Europe has weathered so many shocks — the near-breakup of the euro zone, the chaotic influx of 2.5 million refugees, the Brexit referendum — that it is tempting to dismiss the latest existential crisis unfolding in Rome. But Italy’s emerging radical-populist government could be the force that finally breaks the continent’s cohesion. When the man proposed as Italy’s new finance minister declares that “Germany has not changed its vision of its role in Europe since the end of Nazism,” it is time to wake up.

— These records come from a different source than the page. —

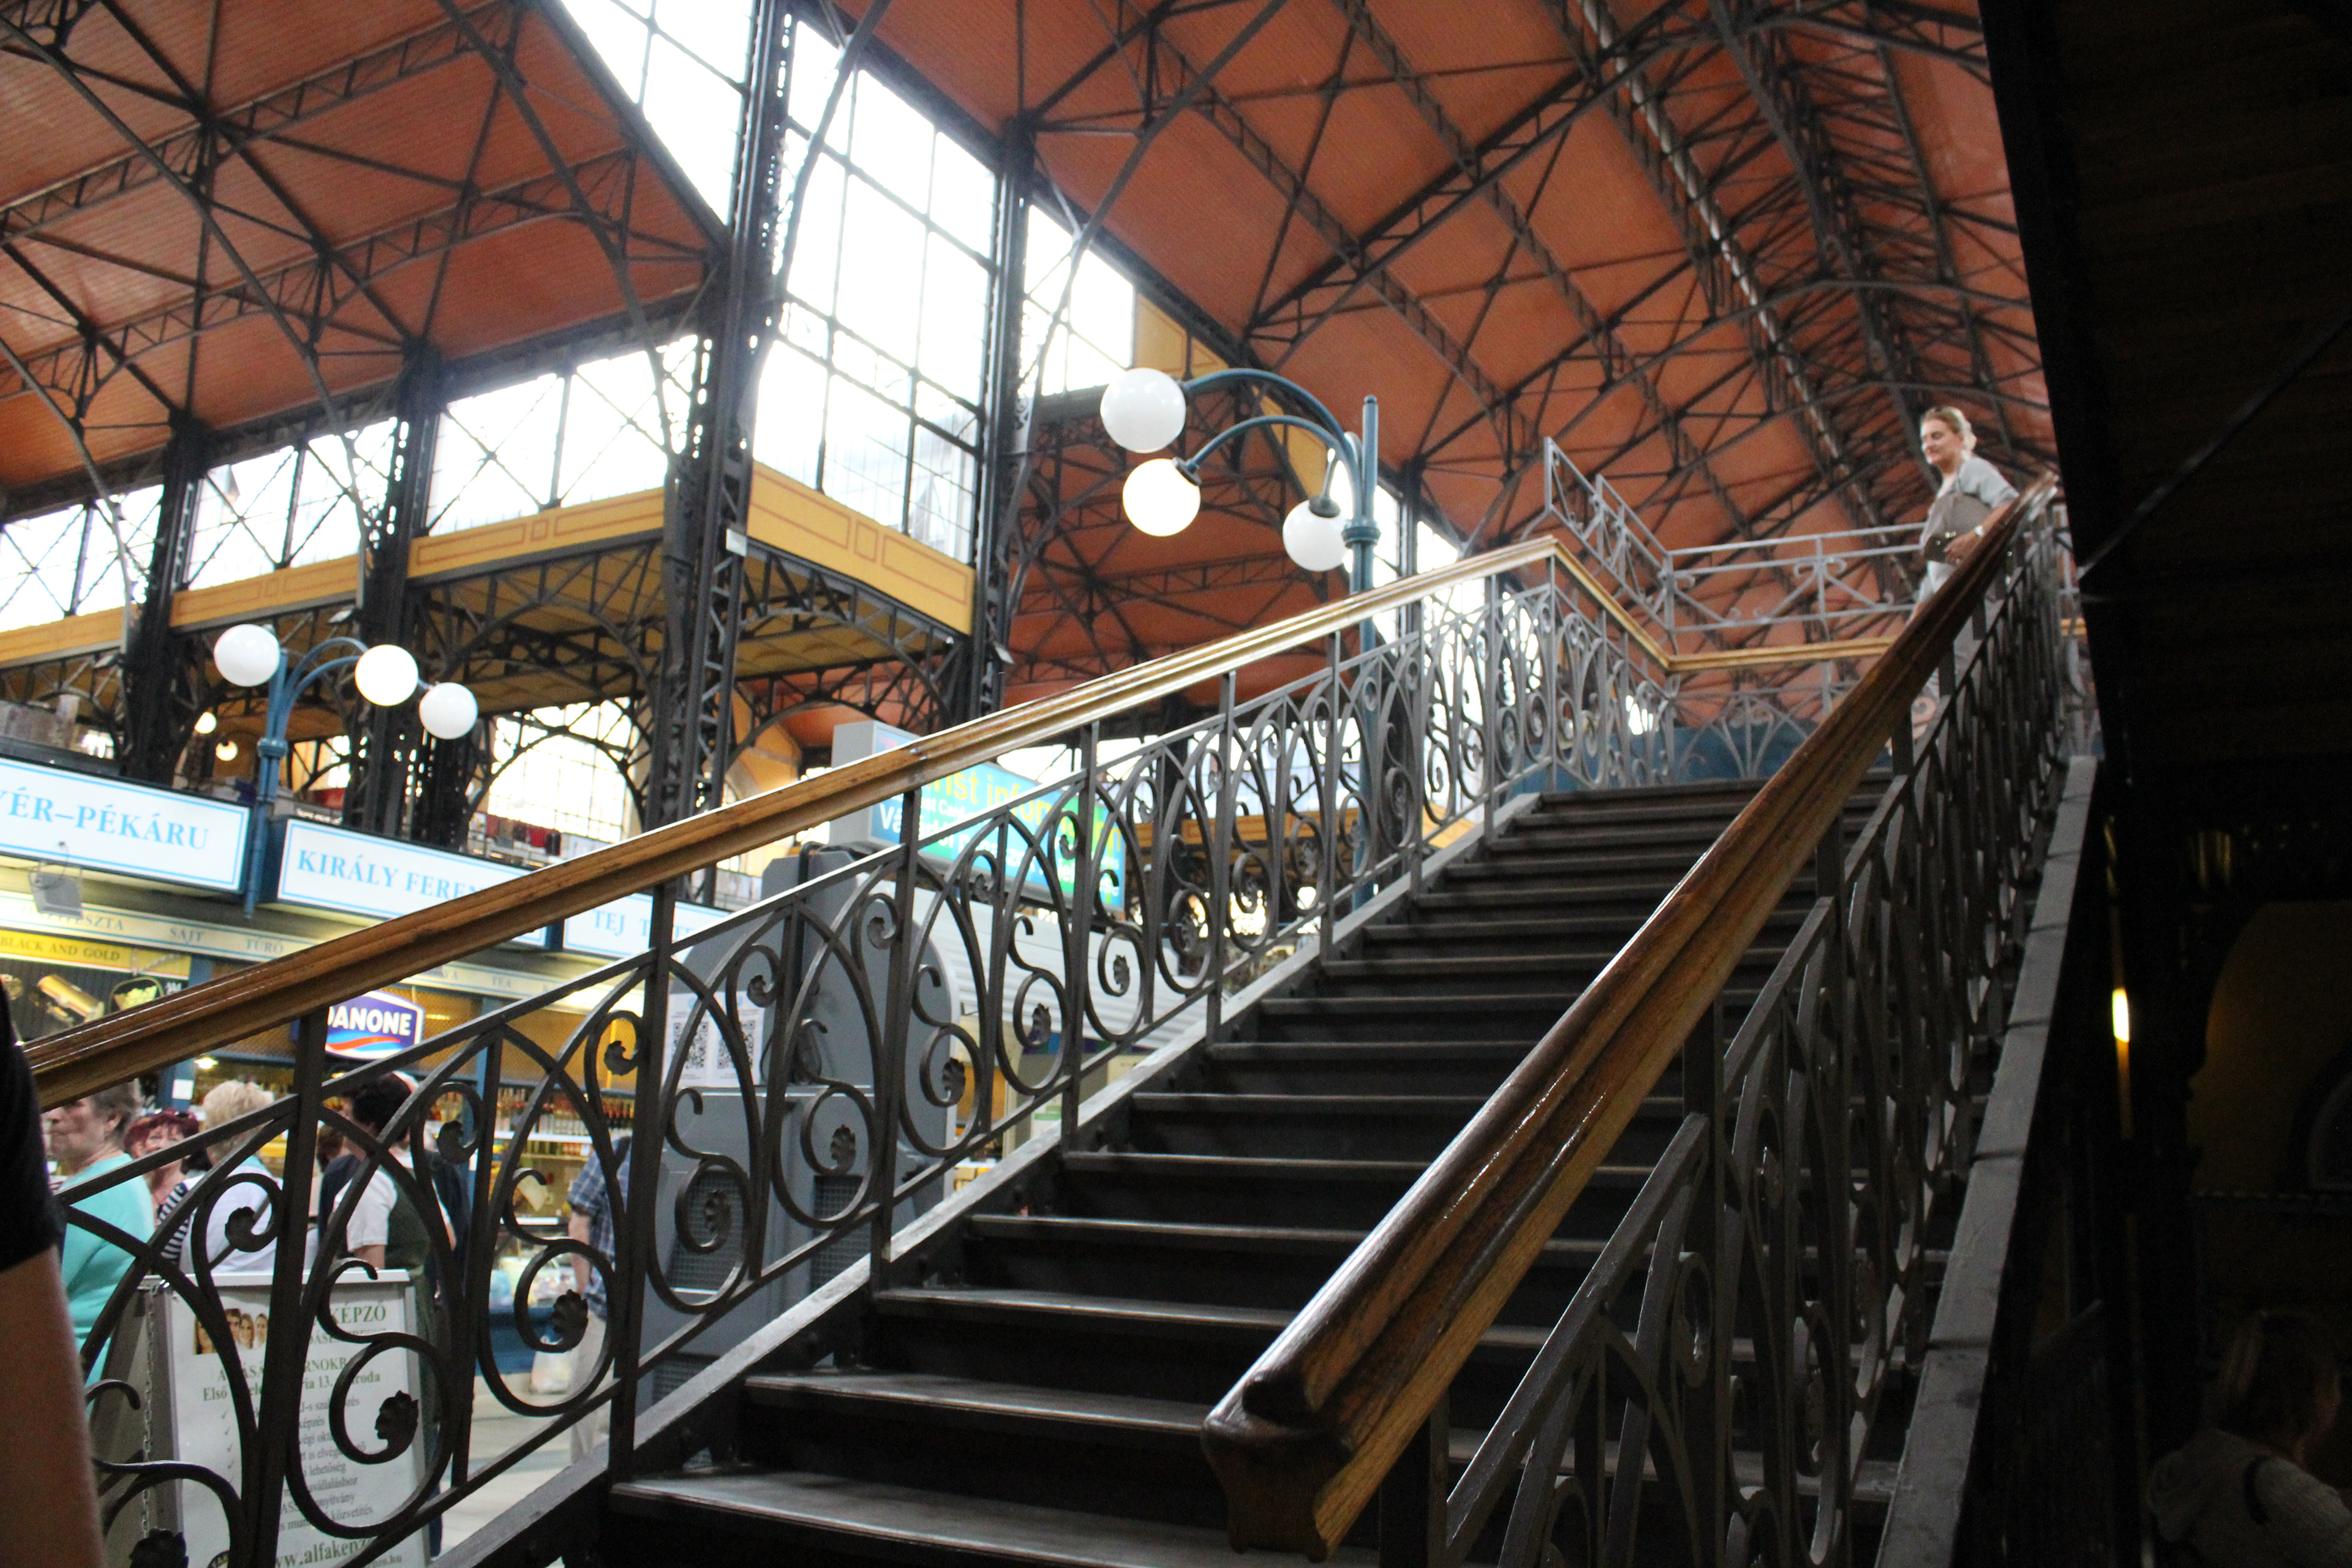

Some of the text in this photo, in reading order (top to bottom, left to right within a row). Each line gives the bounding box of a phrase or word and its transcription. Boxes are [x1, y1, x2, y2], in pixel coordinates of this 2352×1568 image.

[0, 786, 209, 850] ÉR–PÉKÁRU
[296, 849, 398, 888] KIRÁLY
[169, 926, 206, 944] SAJT
[592, 910, 625, 937] TEJ
[1, 936, 119, 962] BLACK AND GOLD
[203, 1385, 228, 1401] Első

Whether or not Paolo Savona gets the finance job, there is no doubt that he represents the populists’ outlook — one that could have a devastating effect on Europe’s financial position. The two halves of Italy’s new coalition — the right-populist Northern League and the left-populist Five Star Movement — disagree on many issues, but they are united in blaming Italy’s problems generally on the European Union and specifically on the Germans. After Savona’s outburst was published in an Italian newspaper this week, Matteo Salvini, the League’s leader, took to a Roman rooftop and announced on Facebook Live that Savona is “an economist, an expert recognized in Italy and the whole world. . . . His only fault? He dared to say that this E.U. — as it is — doesn’t work.”
This growling cannot be dismissed because, if shorn of the gratuitous reference to Nazism, it contains much truth. The European Union comprises one brilliant success (a single market that facilitates trade not just in goods but also in services); a series of useful collaborations (in policing, scientific research, student exchanges and so on); one brave but politically risky principle (the free movement of people); and one outright catastrophe (the common European currency). Britain is crazy to leave the European Union, because it is not in the currency zone and its flexible labor market allows it to absorb European immigrants effectively. But Italy is different.

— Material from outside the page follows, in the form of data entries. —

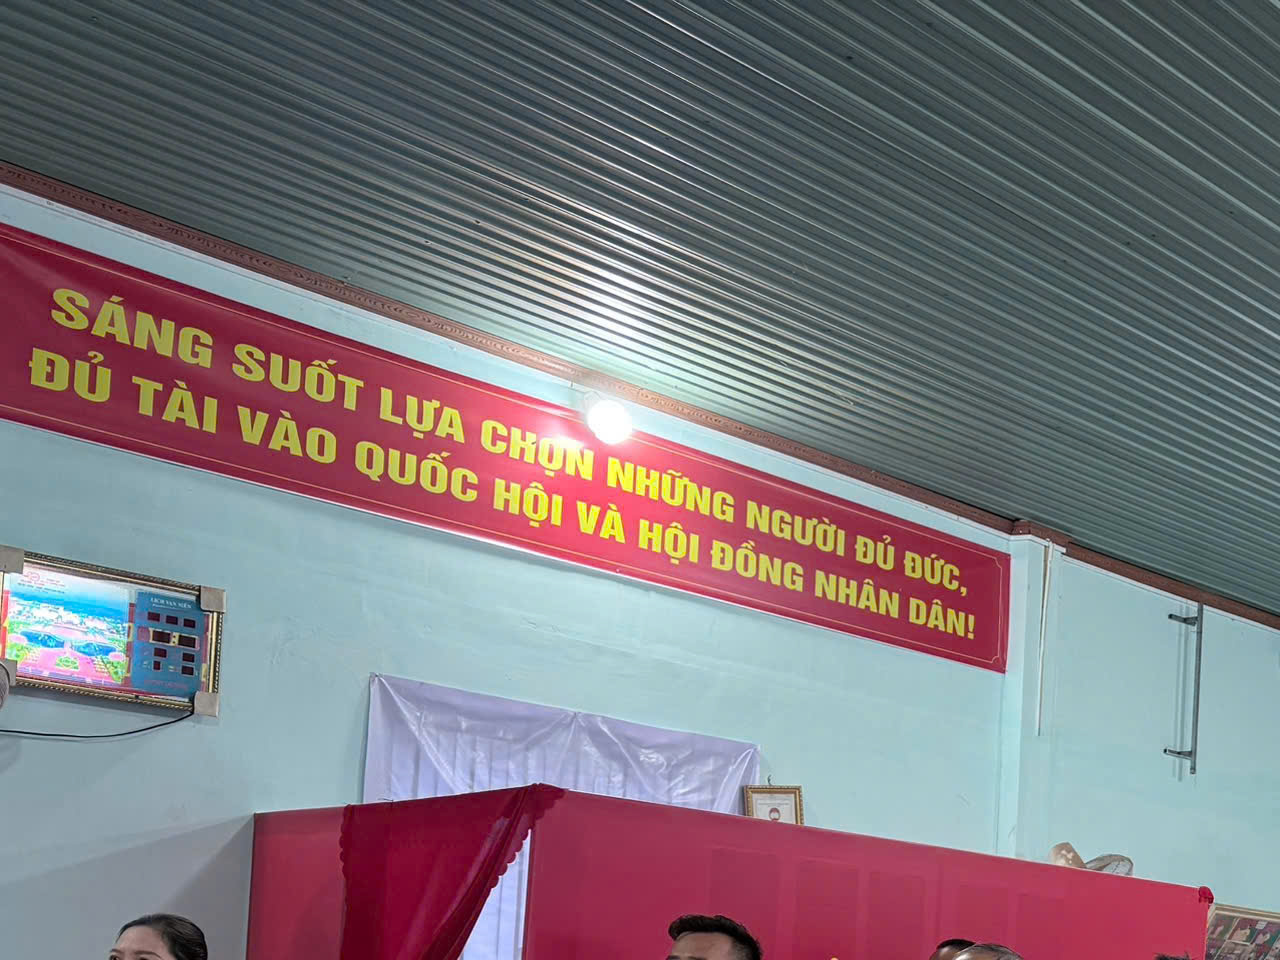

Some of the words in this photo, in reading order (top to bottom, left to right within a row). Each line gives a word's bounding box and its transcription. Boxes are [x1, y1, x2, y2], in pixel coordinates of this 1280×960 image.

[28, 347, 111, 403] ĐỦ
[132, 374, 218, 433] TÀI
[237, 404, 337, 464] VÀO
[354, 440, 479, 502] QUỐC
[493, 480, 563, 529] HỘI
[576, 500, 626, 544] VÀ
[638, 518, 699, 565] HỘI
[710, 539, 804, 593] ĐỒNG
[814, 574, 900, 619] NHÂN
[908, 600, 976, 640] DÂN!
[51, 287, 214, 369] SÁNG
[231, 343, 364, 411] SUỐT
[379, 388, 465, 444] LỰA
[480, 418, 595, 481] CHỌN
[606, 458, 735, 522] NHỮNG
[746, 501, 845, 557] NGƯỜI
[855, 534, 895, 572] ĐỦ
[903, 552, 968, 596] ĐỨC,
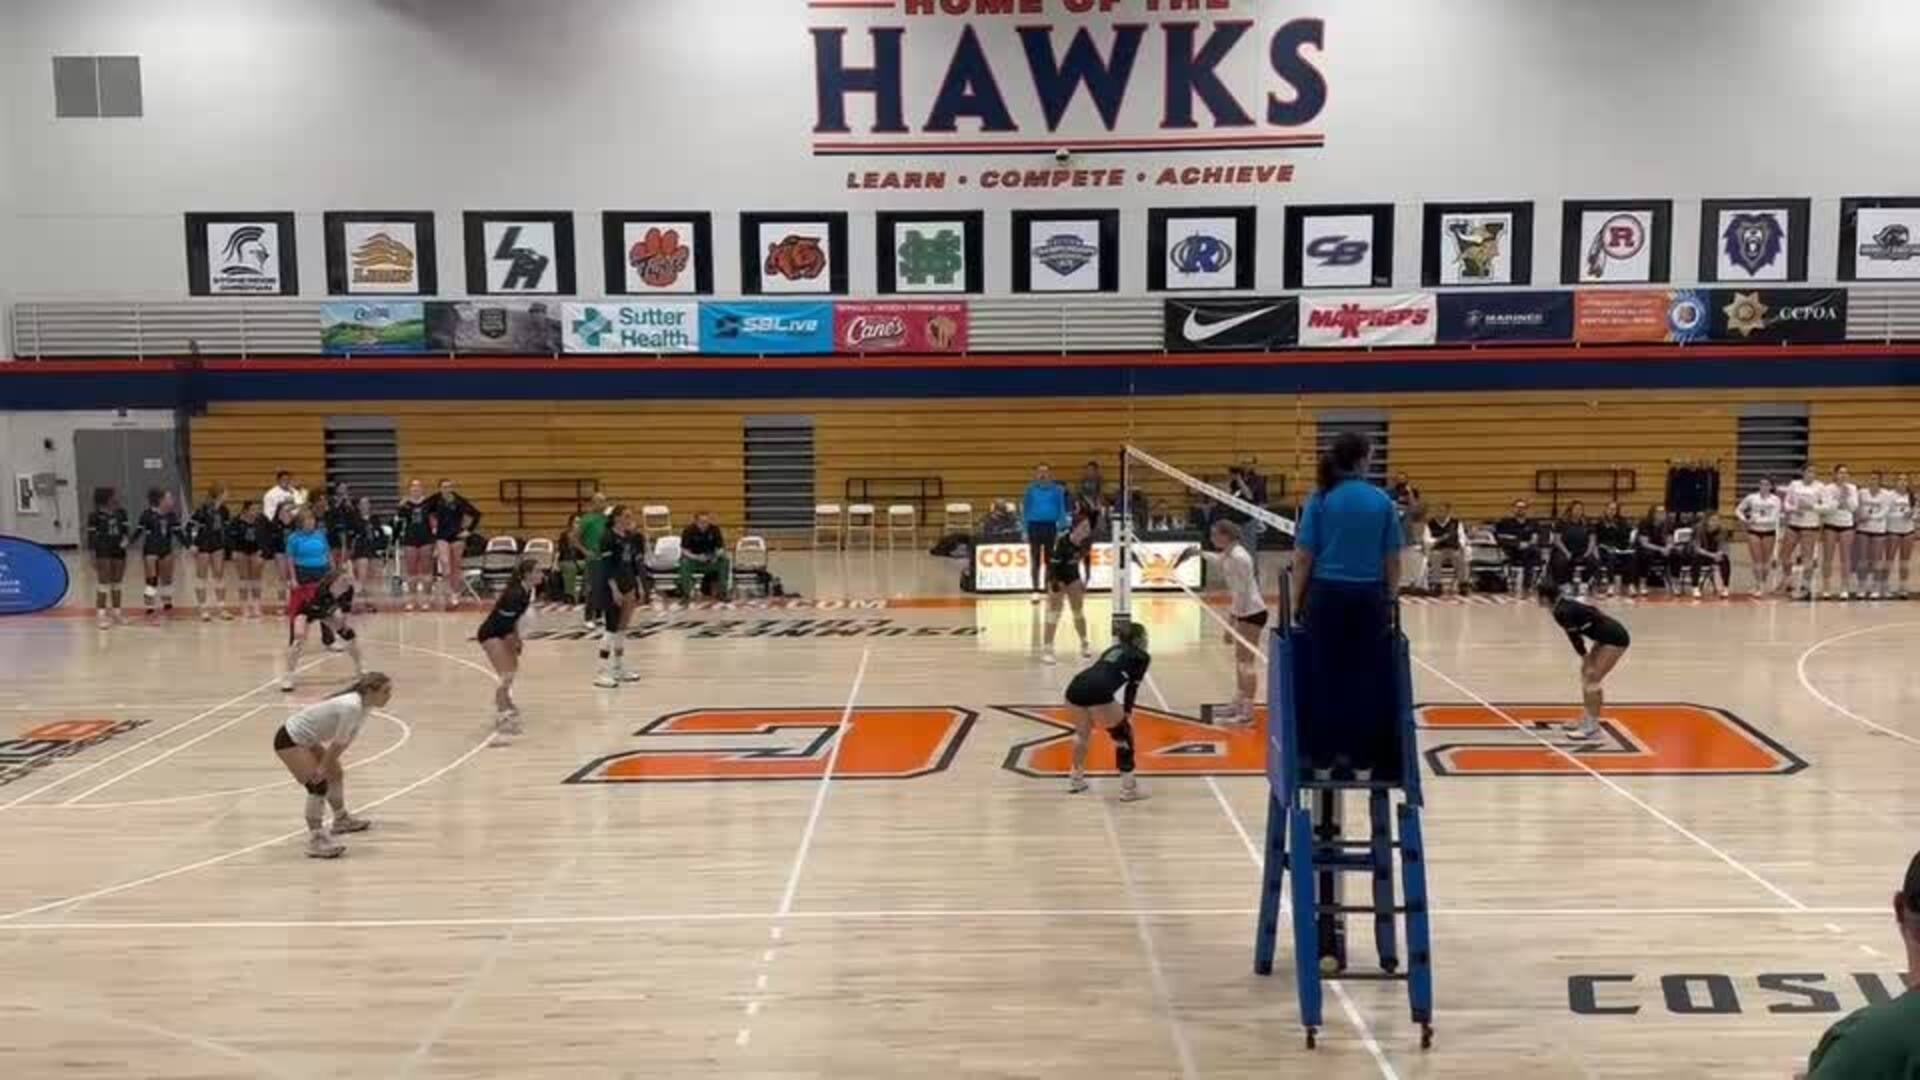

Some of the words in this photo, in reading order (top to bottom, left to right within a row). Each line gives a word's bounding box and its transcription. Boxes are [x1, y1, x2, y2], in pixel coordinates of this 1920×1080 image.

[809, 18, 1328, 133] HAWKS
[846, 171, 946, 189] LEARN
[979, 169, 1126, 188] COMPETE
[1156, 165, 1295, 187] ACHIEVE
[1609, 226, 1634, 247] R
[618, 306, 686, 326] Sutter
[620, 329, 690, 348] Health

Indeed, Italy is the poster child for the flaws in Europe’s construction. It has amassed terrifying government debts not because it has the privilege of printing the world’s reserve currency (as the United States does); nor because it has a national central bank that can be relied upon to suppress borrowing costs (as Japan does); nor yet because it hid its borrowing behind Wall Street financial engineering and fake statistics (as Greece did). Rather, Italy has been plainly and openly reckless, because such were the incentives created by Europe’s monetary system.
Europe’s policy mix acknowledges this problem. A single central bank with a single interest-rate policy links the borrowing costs of weak and strong countries, so that the weak can run up debts too easily. Recognizing this temptation, Europe has imposed caps on government borrowing, but these have failed in two ways. First, they have ensured that the main word that national politicians hear from Brussels is “no!” — no to government pensions, no to infrastructure spending, no to teacher pay raises. Second, because any budget rule is arbitrary, the caps have not been enforced in practice. They combine maximum friction with minimum effectiveness.
Meanwhile, other European policies have actively promoted recklessness. The European Central Bank treats German government debt and Italian government debt equally, boosting the demand for Italian bonds that would otherwise be considered riskier. The central bank also encourages the presumption that, in a crisis, it would rescue Italy, dampening market discipline further. To get investors to believe Italy could plausibly default one day, Europe would have to break the “doom loop” between government and the banking system, so that the government could go bust without the banking system imploding. But that would require European-wide bank backstops. Despite much earnest discussion about centralized euro-zone deposit insurance and a euro-zone bond that banks could hold instead of dubious national bonds, neither is in the cards.
In the absence of both political discipline and market discipline, Italy has — guess what — borrowed. When the euro was launched in 1999, Italy had a ratio of public debt to gross domestic product of 105 percent; today it is 133 percent. The same incentives are evident elsewhere: In France, for example, the debt ratio has gone from 59 percent to 97 percent. When Italy’s newly elected populists promise to cut taxes and raise spending, they are merely extending the pattern. Their principal innovation is to be brazen about it — and to compare modern Germans to Nazis even as they flout German-backed deficit caps. This will only harden Northern European opposition to centralized bank backstops and so paradoxically entrench the doom loop that perpetuates those incentives for the Italian government to borrow.
How does this game end? In the short term, Europe’s economy is enjoying a cyclical upswing and the central bank is buying bonds via its quantitative easing program, so a crisis is unlikely. But in the longer term, Italy’s debt ratio seems headed into the stratosphere. When the next downturn comes, Europe may find itself dealing with a basket case many times the size of Greece during the last crisis. Greece was small enough to be containable. Italy will be too big to fail, and perhaps too big to save.